For those that want to add a cheap graphics card to a low end Intel CPU system it will work well but if you do not want to do that then AMD's 2200G & 2400G CPU's are the only way to go if you want decent graphics performance on a tight budget.
Here ya go, the Intel model isn't the same, but honestly it doesn't matter. Same UHD Graphics 630.
https://www.tomshardware.com/reviews/amd-ryzen-3-2200g-raven-ridge-cpu,5472.html
-
Nintendork When the 2200G APU (an i5 6600~) is at $89 you must be beyond blind to buy any intel cpu at that price bracket.Reply -
1_rick 21171365 said:When the 2200G APU (an i5 6600~) is at $89 you must be beyond blind to buy any intel cpu at that price bracket.
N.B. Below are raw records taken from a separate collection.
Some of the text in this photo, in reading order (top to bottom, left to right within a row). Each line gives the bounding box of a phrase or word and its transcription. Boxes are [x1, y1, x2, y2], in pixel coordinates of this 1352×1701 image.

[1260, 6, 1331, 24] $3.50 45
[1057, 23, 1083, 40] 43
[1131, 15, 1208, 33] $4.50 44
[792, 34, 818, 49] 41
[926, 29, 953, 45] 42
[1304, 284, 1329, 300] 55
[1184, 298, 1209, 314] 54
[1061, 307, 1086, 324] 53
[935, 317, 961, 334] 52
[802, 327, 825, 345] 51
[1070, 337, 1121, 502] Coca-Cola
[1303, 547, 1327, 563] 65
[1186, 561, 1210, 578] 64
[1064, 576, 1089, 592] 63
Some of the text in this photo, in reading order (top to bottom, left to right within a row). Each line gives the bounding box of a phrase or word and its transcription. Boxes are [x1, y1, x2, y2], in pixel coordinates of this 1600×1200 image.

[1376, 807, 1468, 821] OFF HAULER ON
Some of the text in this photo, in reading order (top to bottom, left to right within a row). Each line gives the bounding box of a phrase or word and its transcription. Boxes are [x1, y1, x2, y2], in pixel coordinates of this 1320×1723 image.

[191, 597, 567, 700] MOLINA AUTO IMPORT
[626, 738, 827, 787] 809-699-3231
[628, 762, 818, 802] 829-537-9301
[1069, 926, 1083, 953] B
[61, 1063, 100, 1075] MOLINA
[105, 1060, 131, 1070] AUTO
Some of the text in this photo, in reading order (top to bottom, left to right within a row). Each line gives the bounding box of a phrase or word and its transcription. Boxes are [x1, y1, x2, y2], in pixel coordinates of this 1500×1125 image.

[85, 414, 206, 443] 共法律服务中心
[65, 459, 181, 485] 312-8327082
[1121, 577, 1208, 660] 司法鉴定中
You can get the 2200G from Micro Center for $79, so it's even more off-balance. And that's been their online price for a while now, not just their in-store-only special. In light of that it seems like the G5400 is something you just should not get at all unless you really can't afford the extra $20 (Micro Center has the G5400 for $59) or you hate AMD. -
alchemy69 21170631 said:21170547 said:So you free admit in the first sentence that these chips are for people looking to build a sub-$500 system and so in the test rig you pair it with a GTX 1080?
That is to show only CPU performance. You remove the GPU as a potential bottleneck. Benchmark review 101.
21170755 said:I think the fact that they user a powerful GPU for CPU tests to remove bottlenecks should be in caps, bolded, in its own box. Every CPU review someone brings that up.
I am well aware of the justification of this method but, imho, it is a nonsense metric. The raw power of the chip can easily be benchmarked with synthetics. Running game benchmarks with a vastly overpowered GPU is merely exchanging one bottleneck for another. What are you really measuring? How much this CPU bottlenecks the GPU in a given game. And who exactly is that information going to be useful to? If I'm reading the review of a new car I don't expect to see a discussion of how fast it could go if it was being towed by a Lambourghini.